O coordenador humanitário da ONU para o território palestino ocupado, Muhannad Hadi, afirmou nesta quarta-feira (12/03) que a população palestina na Faixa de Gaza está “em uma situação desesperadora” enquanto aguarda as negociações para a segunda fase do cessar-fogo entre Israel e o Hamas.
“Recebemos esperança quando o cessar-fogo foi alcançado. Começamos a trazer mais ajuda de todas as direções, mas agora estamos esperando por uma segunda rodada de negociações e esperamos que resultem em algo frutífero”, declarou em entrevista à Al Jazeera.
Segundo o agente humanitário, os civis palestinos querem “um cessar-fogo permanente para terem a chance de restabelecer suas vidas”. “As pessoas agora estão extremamente preocupadas com as negociações”, completou.
O também coordenador especial adjunto para o Processo de Paz no Oriente Médio falou ainda que a trégua possibilita a entrada de alimentos, que estão em escassez no enclave. A entrada de assistência humanitária em Gaza está interrompida há mais de nove dias consecutivos, com todas as passagens fechadas para a entrega de cargas.
“Não é como se as pessoas tivessem a oportunidade de estocar alimentos. As pessoas não têm renda, na verdade não há moeda, não há dinheiro em Gaza, e é só um desafio atrás do outro”, acrescentou Hadi.
Durante sua entrevista com a emissora catari, o funcionário da ONU declarou que nunca viu “nada parecido” como a situação em Gaza. “Nunca estive em um lugar onde tudo é necessário, onde banheiros eram o tópico [de discussão] de todos. Muitas vezes, as mulheres me disseram que, se têm acesso a água potável, não a bebem – nem mesmo as grávidas – porque ir ao banheiro é uma agonia, é uma jornada que pode acabar em uma catástrofe”, afirmou Hadi, descrevendo Gaza como “dois milhões de histórias tristes”.
O agente ainda alertou contra um “desastre” na Faixa de Gaza caso o bloqueio de eletricidade anunciado por Israel no último domingo (09/03) não seja suspenso.
O restabelecimento da energia elétrica no enclave palestino já foi exigido inclusive pelos familiares de reféns israelenses que ainda estão em Gaza. Segundo eles, a medida coloca “seus entes queridos em perigo”.
“Eu nem quero imaginar o cenário em que as negociações de cessar-fogo em Doha fracassem. Como humanitário, não consigo imaginar que seremos confrontados com essa situação”, concluiu.

Entrada de assistência humanitária em Gaza está interrompida há mais de nove dias consecutivos
OMS alerta contra poliomielite
A interrupção do cessar-fogo também arrisca a saúde pública em Gaza, em especial sobre a poliomielite, doença provocada por um vírus que pode levar à paralisia infantil.

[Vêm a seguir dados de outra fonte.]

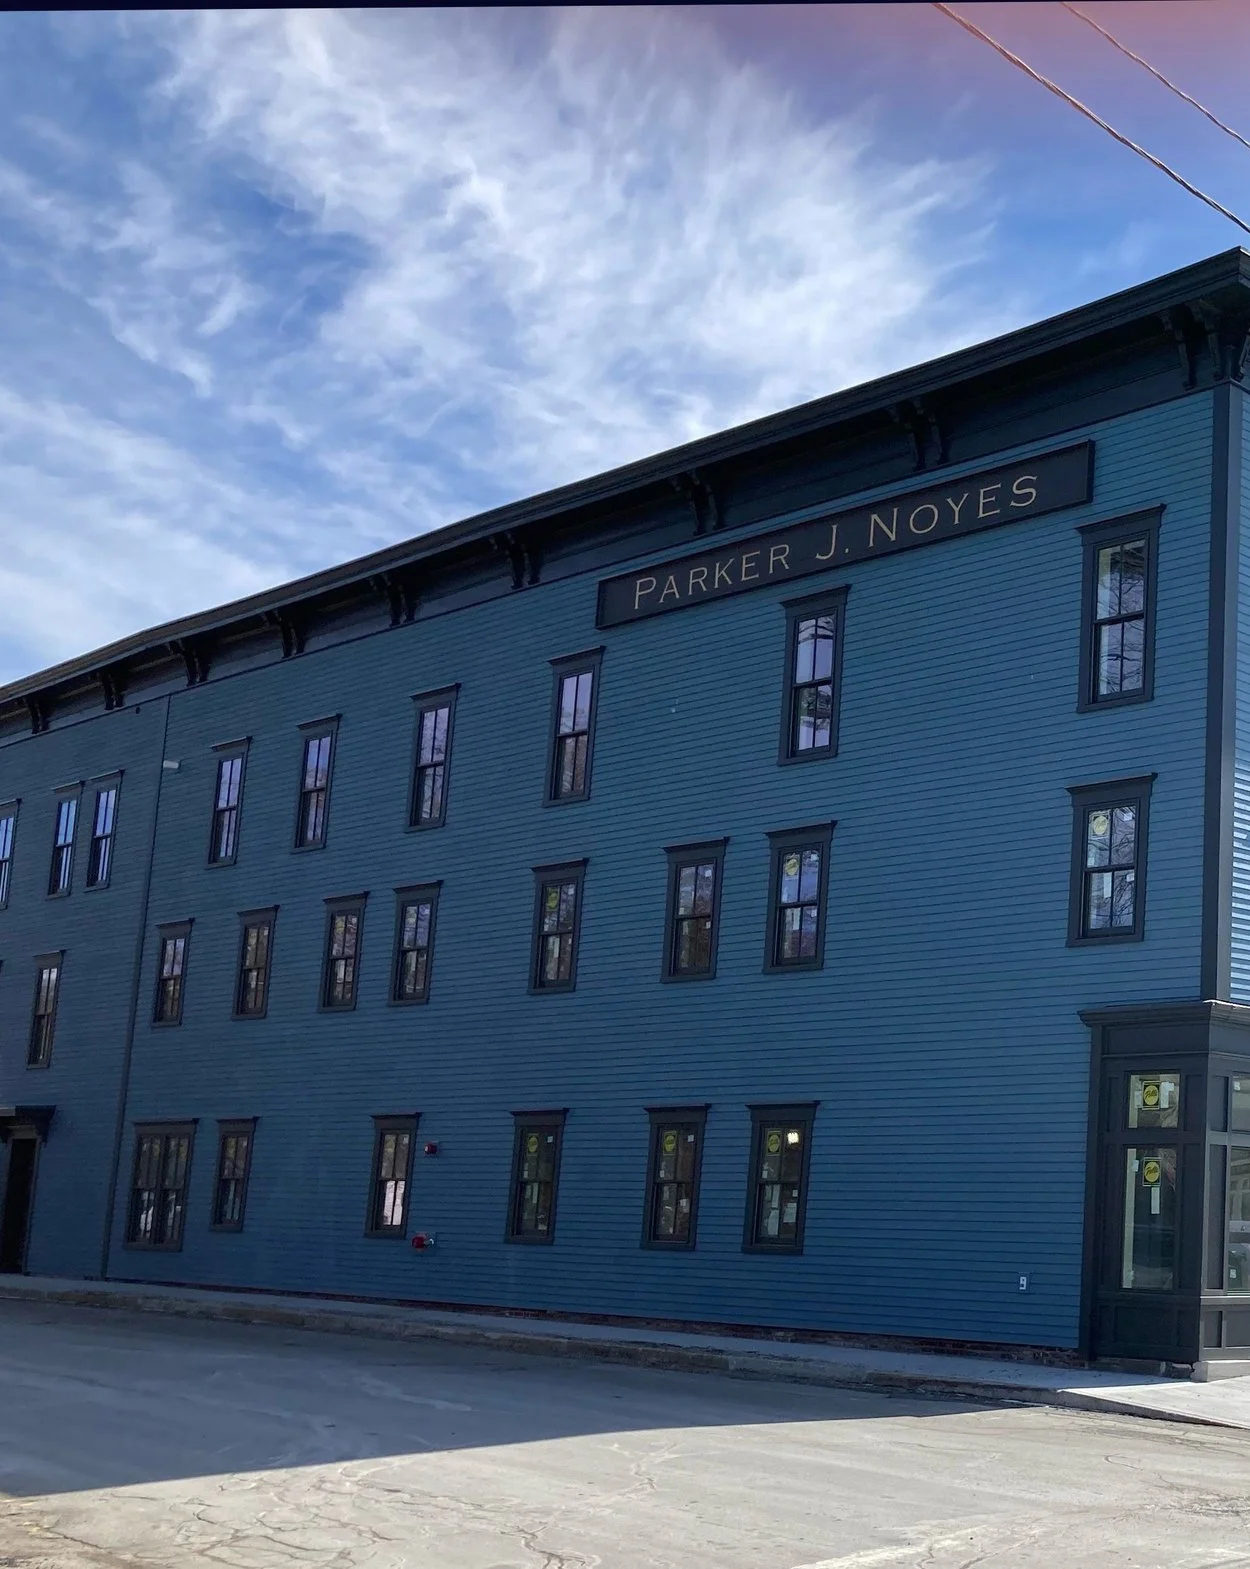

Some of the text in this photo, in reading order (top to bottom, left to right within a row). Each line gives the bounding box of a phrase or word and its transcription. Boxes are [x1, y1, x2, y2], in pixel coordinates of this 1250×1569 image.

Segundo a Organização Mundial da Saúde (OMS), na última campanha, realizada no final de fevereiro, cerca de 550 mil crianças palestinas foram vacinadas contra a doença. Contudo, é essencial que o cessar-fogo seja alcançado para evitar o risco de propagação do vírus.
Hamid Jafari, diretor de erradicação da pólio na OMS, informou que apesar de 95% da meta de vacinação ter sido realizada em Gaza, ainda há detecção do vírus da poliomielite nas amostras de esgoto do enclave palestino.
“Esperamos que esse cessar-fogo realmente dure, porque não se trata apenas da poliomielite, mas da sobrevivência de crianças e comunidades”, declarou à Al Jazeera.
Corte de ajuda pode reverter cessar-fogo
O subsecretário-geral de Assuntos Humanitários da ONU, Tom Fletcher, pediu na última terça-feira (11/03)que a entrada de ajuda humanitária em Gaza seja retomada imediatamente, ressaltando que quaisquer atrasos adicionais “reverterão ainda mais qualquer progresso alcançado durante o cessar-fogo”. Fletcher também apelou a ambas as partes pela manutenção da trégua e libertação dos reféns.
Por sua vez, Phillipe Lazzarini, comissário-geral da Agência da ONU de Assistência aos Refugiados Palestinos (UNRWA) expressou atual no enclave que “a situação é semelhante à que prevaleceu em outubro de 2023”, após os ataques do Hamas contra Israel e as subsequentes ações militares na Faixa de Gaza.
Lazzarini destacou ainda a crise na Cisjordânia, onde as operações de segurança israelenses levaram ao maior deslocamento de palestinos desde 1967. Cerca de 40 mil pessoas, muitas delas refugiadas, foram forçadas a fugir de suas casas, com comunidades inteiras esvaziadas devido à intensificação das atividades militares.